47The Registrar has the burden of establishing, on a balance of probabilities, that the appellant’s medical condition is likely to significantly interfere with his ability to drive a motor vehicle safely. I find that the Registrar has met that burden.
48The respondent’s representative argued, based on the MCR, that sudden incapacitation (from any cause) is “a disorder that has a moderate or high risk of sudden incapacitation, or that has resulted in sudden incapacitation and that has a moderate or high risk of recurrence”. He emphasized that the appellant had a serious and medically unexplained accident while driving a commercial vehicle on October 26, 2022. He stated that the Registrar’s position to suspend the appellant’s driver’s licence until further medical information from a healthcare professional has been received is prudent, reasonable and supported by law. He pointed to the fact that, by law, the Registrar can require the holder of a driver’s licence to submit to certain medical and physical examinations, tests and procedures.
49The appellant argued that he does not, nor has he ever had sudden incapacitation, seizure or syncope, the MCR was not properly filled out, the Registrar has miscommunicated with him, he has explained the accident in his Accident Report and his driver’s licence should be reinstated.
50The overriding consideration in this appeal is whether the Registrar has proven, on a balance of probabilities, that the appellant’s reported condition of syncope/loss of consciousness is likely to significantly interfere with his ability to drive a motor vehicle safely.
51Although the Tribunal is not bound by the CCMTA Standards, they may be considered and applied by this Tribunal.
52I note that 19.4 and 19.5 of the CCMTA Standards indicate that syncope causes an episodic impairment of all the functions necessary for driving and a person cannot compensate for this.
53Furthermore, I note that 17.4 and 17.5 of the CCMTA Standards indicate that the primary consideration for drivers with seizures is the potential of a seizure causing a sudden impairment of cognitive, motor or sensory functions, or a loss of consciousness while driving.
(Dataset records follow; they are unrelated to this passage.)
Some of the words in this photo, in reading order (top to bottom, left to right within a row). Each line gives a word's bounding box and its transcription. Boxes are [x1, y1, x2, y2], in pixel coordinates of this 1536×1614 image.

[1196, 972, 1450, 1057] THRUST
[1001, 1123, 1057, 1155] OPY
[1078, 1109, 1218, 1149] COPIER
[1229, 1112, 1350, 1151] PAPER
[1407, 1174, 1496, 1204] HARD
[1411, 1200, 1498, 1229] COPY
As seizures can cause an episodic impairment of the functions necessary for driving, a driver cannot compensate.
54I acknowledge the burden that the lack of a driver’s licence is having on the appellant. However, driving a motor vehicle is a privilege, not a right. While I understand the practical challenges that can result from a licence suspension, I must apply the provisions of the HTA and Regulation, keeping in mind the objective of ensuring public road safety.
55Based on the totality of the evidence before me and after careful consideration, I find that the Registrar has discharged its onus on a balance of probabilities of establishing that the appellant’s syncope/loss of consciousness is likely to significantly interfere with his ability to drive a vehicle safely.
56As stated by the Registrar’s representative at the hearing, should the appellant obtain any new information related to his case, the appellant may forward this information to him and he will have this information reviewed.
E. ORDER:
57For the reasons set out above, pursuant to subsection 50(2) of the HTA, I confirm the Registrar’s decision to suspend the appellant’s driver’s licence for medical reasons.